Project 1 Part 2: Analysis#

Randomized Experiments

—TODO your name here

Collaboration Statement

  • TODO brief statement on the nature of your collaboration.

  • TODO your collaborator’s names here

Part 2 Table of Contents and Rubric#

Note

Grading guidelines

The course projects offer an opportunity to practice the full causal inference workflow, from building estimators and formulating questions to conducting analyses and communicating your findings effectively. Here are some guidelines on how to approach the project:

  • For visualizations:

    • Help your reader understand your findings through visually clear figures

    • Label your axes, provide legends when appropriate, and add figure titles to provide context

  • For written responses:

    • Support your ideas with specific evidence from your analysis or prior knowledge

    • Write concisely but clearly – one-word/one-phrase answers usually don’t give enough space to show what you’ve learned

If you’re uncertain about any portion of the project, please do come to office hours, TA hours, or reach out on Ed!

Notebook and function imports#

Tip

If you click on the vertical blue bar on the left of a cell, you can collapse the code which can help organize the notebook as you work through the project.

If you have tested your implementation in Part 1 against the autograder, you would have generated a file called proj1_functions.py. Let’s now import those functions into this notebook for use in Part 2.

If you are running this notebook on the JupyterHub allocated for the course:

  1. Open the file browser by going to the menu bar “View -> File Browser”

  2. Navigate to comsc341cd.github.io/projects/, you should see your proj1_analysis.ipynb file in that folder

  3. Click on the upload button in the upper right and upload the proj1_functions.py file to this directory

  4. Run the following cell to import the functions

import pandas as pd
import numpy as np
import matplotlib.pyplot as plt
import seaborn as sns

from proj1_functions import *

rng = np.random.RandomState(42)

4. The Infant Health and Development Program#

Let’s now dive into analyzing a real-world study: the Infant Health and Development Program (IHDP). The IHDP was a randomized experiment conducted in the 1980s to evaluate the effectiveness of an early intervention program for low-birthweight, prematurely born infants.

4.1 Prior Knowledge and Causal Question#

Read the following resources on the IHDP study:

Content warning

The reading contains the term “mental retardation,” which was commonly used in medical and policy discussions at the time but is now outdated and harmful. Today, the term “intellectual disability” is preferred and is used medically and federally.

Reading Notes

  • The Brooks-Gunn et al. 1991 paper contains minute details about the study recruitment and data collection process. Don’t worry about understanding every aspect of the study, but try to get a sense of the overall experimental design and the baseline characteristics reported in Table 1.

  • The original methods mention stratification by both birthweight and clinical site in the study design. Because the probability of treatment is the same for all stratified groups, both the stratified difference-in-means and unstratified difference-in-means are valid estimators. For the purposes of this project, we will analyze the efficiency of estimators that post-stratify by other covariates.

Answer the following questions:

  1. The outcome of interest we will be analyzing is the Stanford-Binet Intelligence Scale score (IQ) at an age of 36 months (3 years), and our causal quantity is the average treatment effect (ATE) on the child’s IQ score.
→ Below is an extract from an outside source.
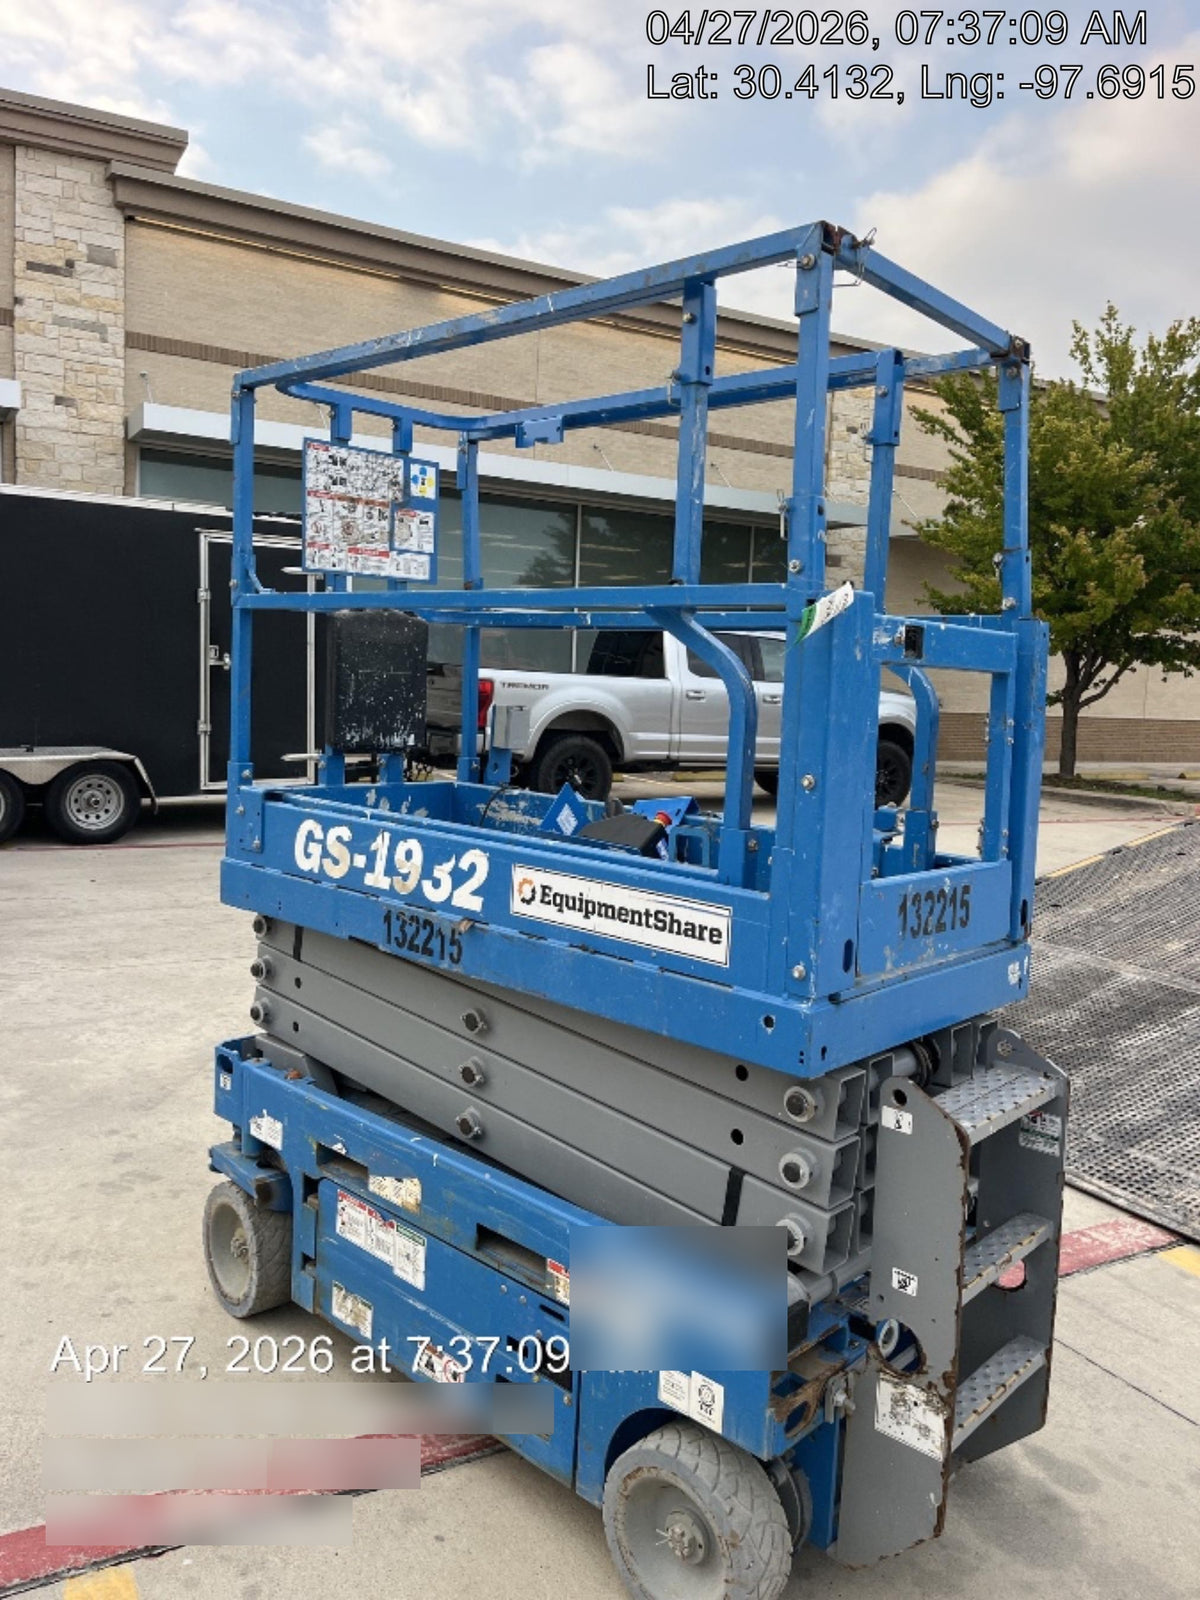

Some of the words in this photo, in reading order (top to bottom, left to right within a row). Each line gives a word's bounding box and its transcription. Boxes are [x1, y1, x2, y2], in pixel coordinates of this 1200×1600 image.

[383, 909, 463, 965] 132215
[540, 884, 724, 946] EquipmentShare
[898, 884, 971, 940] 132215
Describe what causal question we are trying to answer in this dataset in terms of the causal quantity we are trying to identify.

  2. State what \(Y(1)\) and \(Y(0)\) are in your own words given the treatment and outcome of the study.

TODO your responses here:

4.2 Study Design#

Next, let’s load the IHDP dataset and look at the data:

ihdp_raw = pd.read_csv('~/COMSC-341CD/data/ihdp_real.csv')
ihdp_raw.info()

There are 50 total columns in the dataframe, but we will only use the following columns for the project:

  • bw: birth weight in grams

  • momage: mother’s age in years

  • nnhealth: neonatal health index, higher scores indicate better health

  • momwhite: binary indicator for maternal ethnicity: 1 if white, 0 otherwise

  • iqsb.36: outcome: Stanford-Binet IQ score at 36 months

  • treat: binary treatment assignment

Our study design is a randomized experiment, and we will assume that all of the assumptions that are needed to identify the average treatment effect hold. Answer the following questions:

  1. Suppose that our data did not come from a randomized experiment, and families were able to choose whether or not to participate in the intervention. Select two of the four variables listed above that you think may confound the relationship between the treatment and outcome, and explain why.

Your response: TODO

  1. Given the two variables you selected in the previous question, treatment, and outcome, draw a DAG with these four variables if this data were not collected from a randomized experiment. Give each node a variable name (e.g. \(T\), \(Y\), \(C_1\), \(C_2\)) and indicate what each variable represents.

TODO draw your DAG

  1. Draw the modified DAG from the previous question under the scenario where the treatment is randomized.

TODO draw your DAG

Submission note

For this question, you can either hand-draw the graphs on paper and submit a photo or use an online tool of your choice. Please make sure the image is submitted as a separate file on Gradescope.

4.3 Visualizing and cleaning the data#

Let’s next ensure that the baseline characteristics are balanced between the treatment and control groups. Complete the baseline_stats function below to verify that the bw, momage, nnhealth, and momwhite characteristics are balanced and roughly match the values reported in Table 1 of Brooks-Gunn et al 1991.

Tip

  • It is possible to complete this operation in one line by using pandas groupby() + agg()

  • Since momwhite is coded as a binary variable, the mean will be the proportion of momwhite = 1 in the sample.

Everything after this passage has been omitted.